How to complete this task –
Pictures in the records below are skipped; the rest is copied exactly.

Images for object localization –
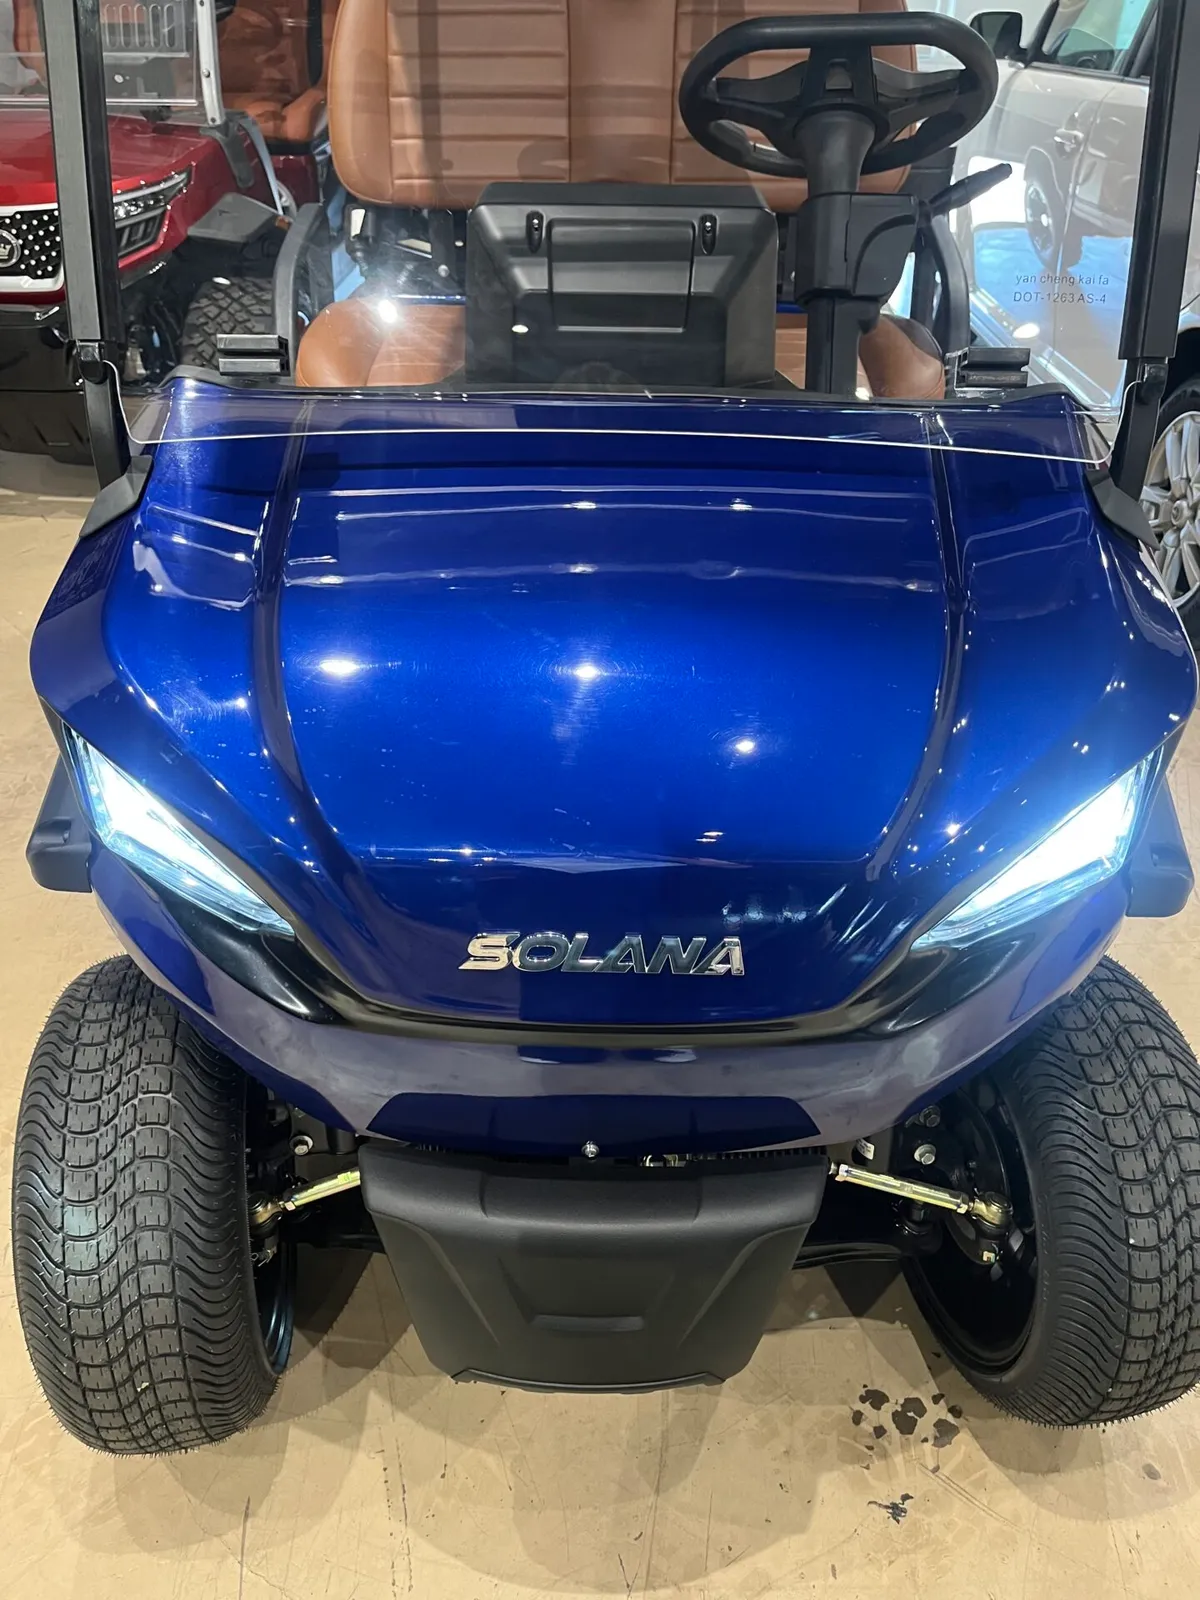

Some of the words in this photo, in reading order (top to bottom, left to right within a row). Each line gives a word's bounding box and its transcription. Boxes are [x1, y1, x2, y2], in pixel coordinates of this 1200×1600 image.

[1015, 275, 1037, 286] yan
[1040, 273, 1075, 286] cheng
[1078, 274, 1096, 286] kai
[1098, 274, 1110, 286] fa
[1013, 291, 1075, 303] DOT-1263
[1077, 292, 1107, 304] AS-4
[458, 931, 745, 976] SOLANA

Task answer –
Some of the words in this photo, in reading order (top to bottom, left to right within a row). Each line gives a word's bounding box and its transcription. Boxes are [x1, y1, x2, y2], in pixel coordinates of this 1200×1600 image.

[1015, 275, 1037, 286] yan
[1040, 273, 1075, 286] cheng
[1078, 274, 1096, 286] kai
[1098, 274, 1110, 286] fa
[1013, 291, 1075, 303] DOT-1263
[1077, 292, 1107, 304] AS-4
[458, 931, 745, 976] SOLANA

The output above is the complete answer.